Through an elaborate series of theoretical studies, Shiv N. Khanna, Ph.D., a Commonwealth professor in the VCU Department of Physics, and his team examined the electronic and magnetic properties of clusters having one iron atom surrounded by multiple magnesium atoms. The team included instructor J. Ulises Reveles and Victor M. Medel, a post-doctoral associate, both from VCU; A. W. Castleman Jr., Ph.D., the Evan Pugh Professor of Chemistry and Physics, and Eberly Distinguished chair in Science in the Department of Chemistry at Penn State University; and Prasenjit Sen and Vikas Chauhan from the Harish-Chandra Research Institute in Allahabad, India.
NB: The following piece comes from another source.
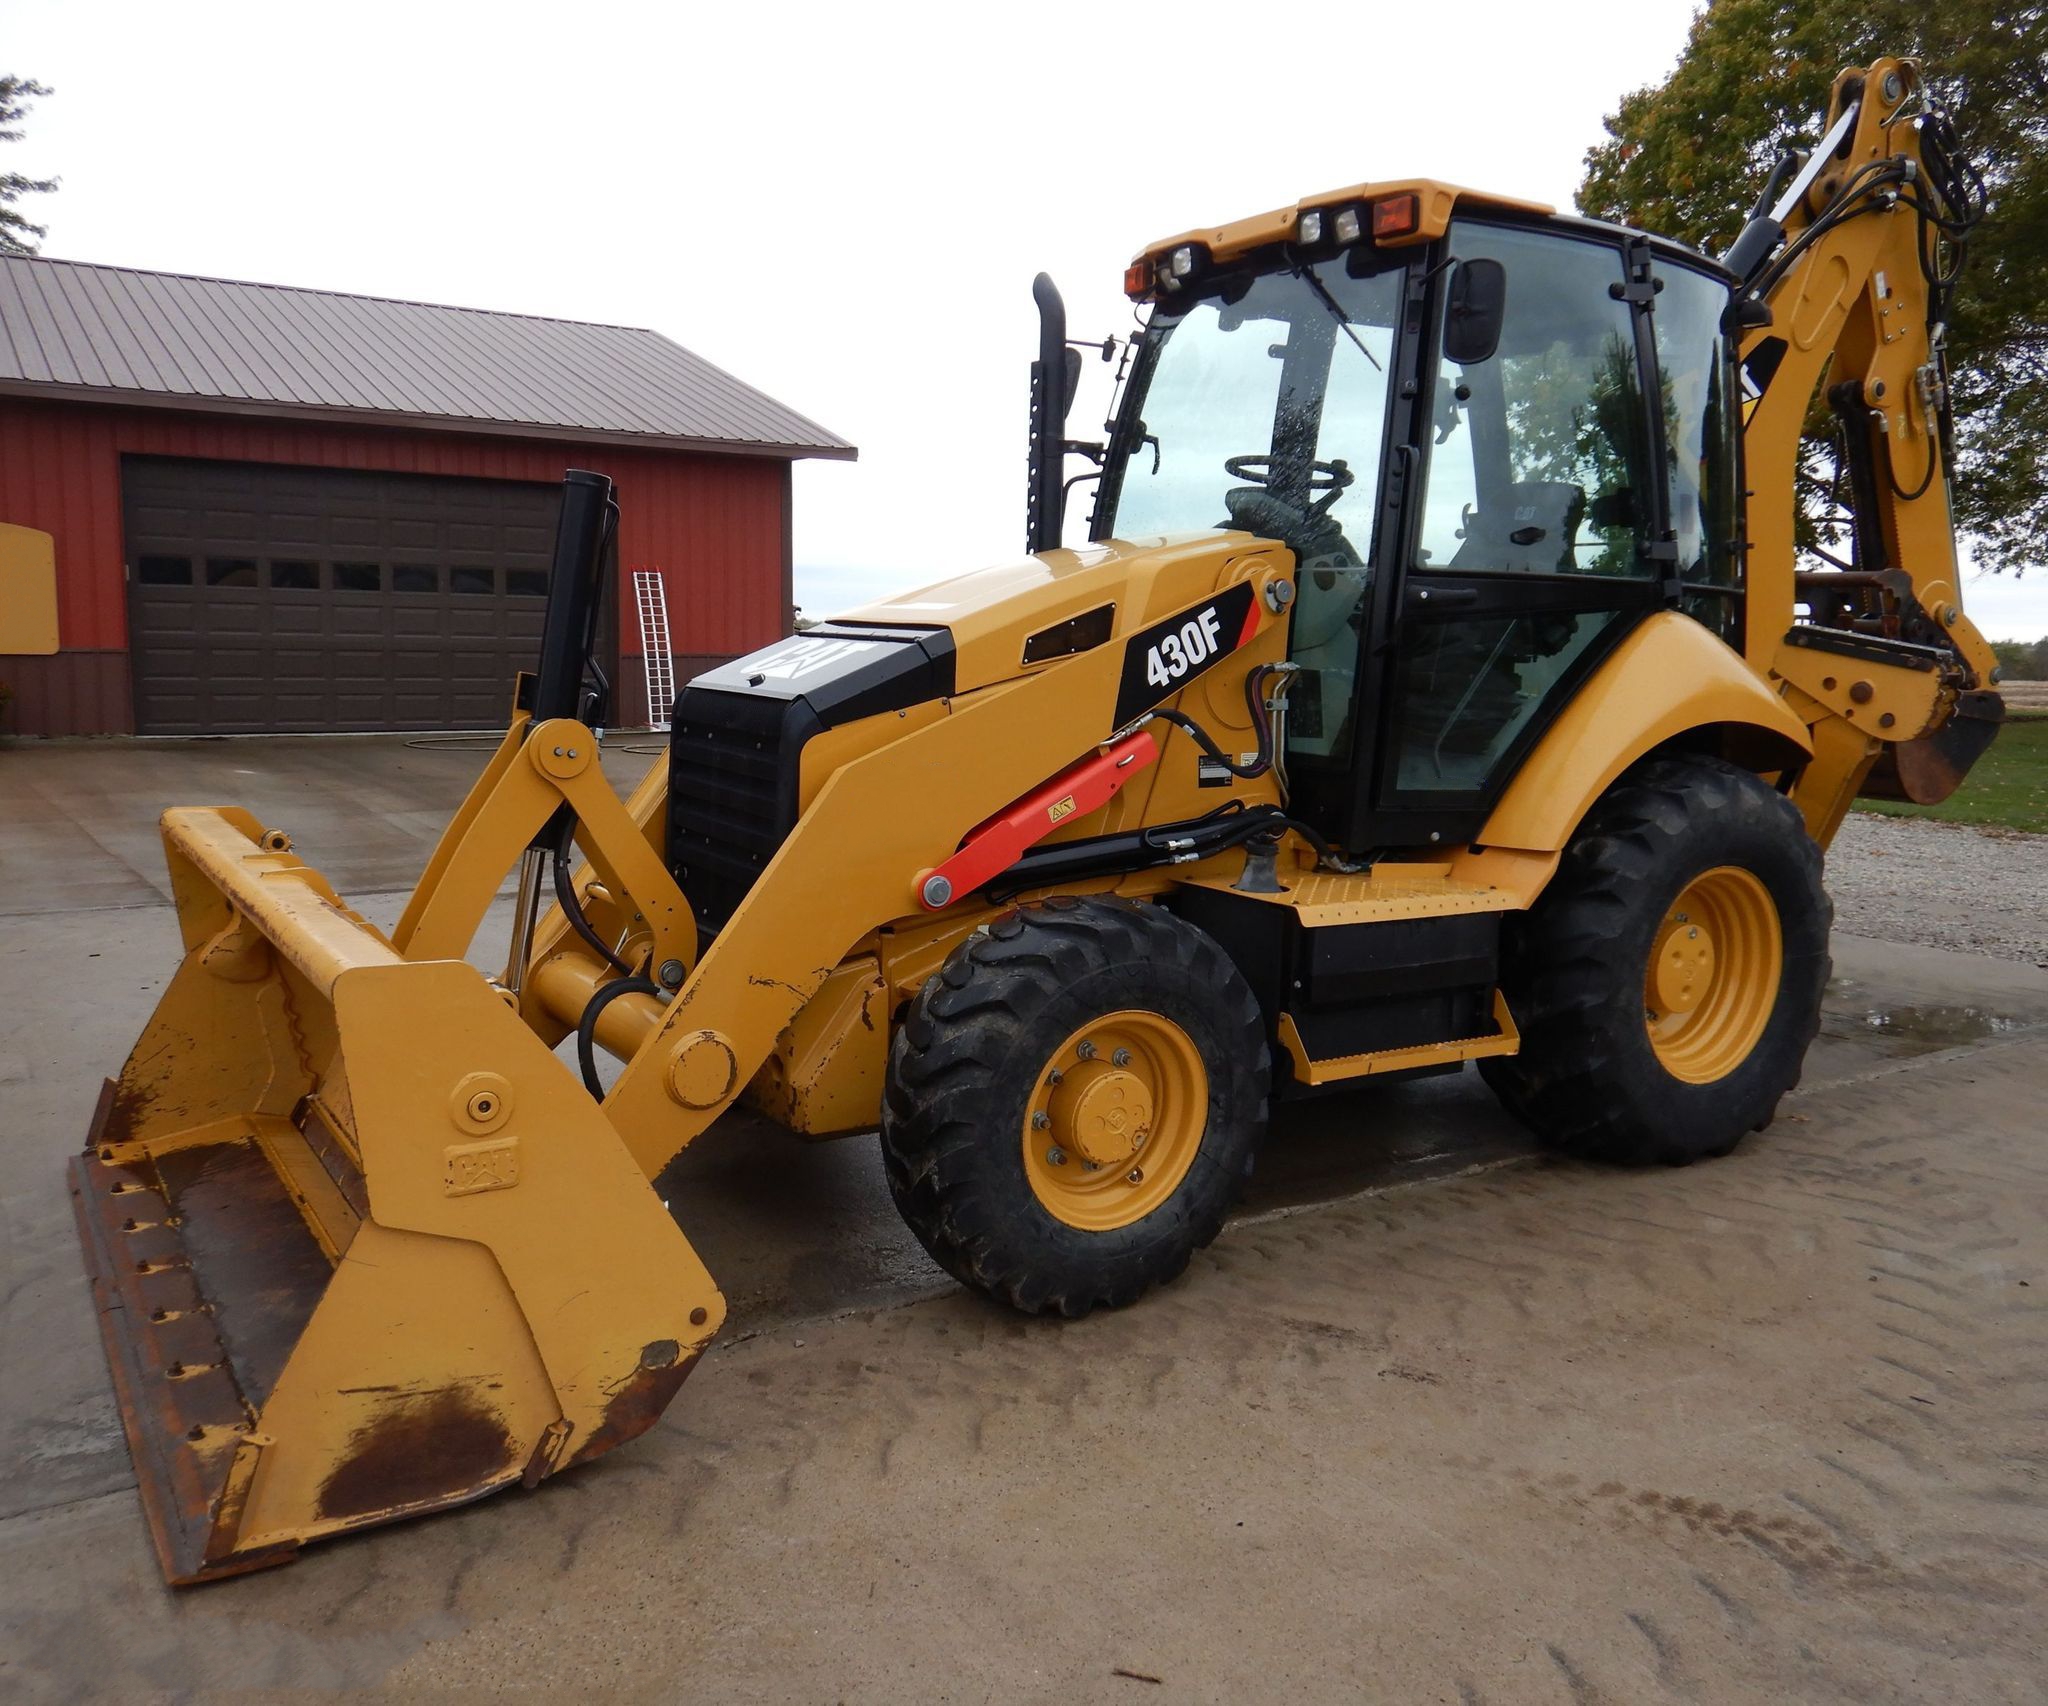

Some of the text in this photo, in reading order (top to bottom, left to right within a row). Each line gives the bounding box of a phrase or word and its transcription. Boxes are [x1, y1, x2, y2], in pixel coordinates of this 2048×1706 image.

[740, 637, 880, 680] CAT
[1146, 606, 1221, 687] 430F
[453, 1147, 515, 1190] CAT
“Our research opens a new way of infusing magnetic character in otherwise non-magnetic elements through controlled association with a single magnetic atom. An important objective was to discover what combination of atoms would lead to a species that is stable as we put multiple units together,” said Khanna.
“The combination of magnetic and conducting attributes was also desirable. Magnesium is a good conductor of electricity and, hence, the superatom combines the benefit of magnetic character along with ease of conduction through its outer skin,” he said.
The team found that when the cluster had eight magnesium atoms it acquired extra stability due to filled electronic shells that were far separated from the unfilled shells. An atom is in a stable configuration when its outermost shell is full and far separated from unfilled shells, as found in inert gas atoms. Khanna said that such phenomena commonly occur with paired electrons which are non-magnetic, but in this study the magnetic electronic shell showed stability.
According to Khanna, the new cluster had a magnetic moment of four Bohr magnetons, which is almost twice that of an iron atom in solid iron magnets. A magnetic moment is a measure of the magnetic strength of the cluster. Although the periodic table has more than one hundred elements, there are only nine elements that exhibit magnetic character in solid form.
“A combination such as the one we have created here can lead to significant developments in the area of “molecular electronics” where such devices allow the flow of electrons with particular spin orientation desired for applications such as quantum computers. These molecular devices are also expected to help make denser integrated devices, higher data processing, and other benefits,” said Reveles.
Khanna and his team are conducting preliminary studies on the assemblies of the new superatoms and have made some promising observations that may have applications in spintronics. Spintronics is a process using electron spin to synthesize new devices for memory and data processing.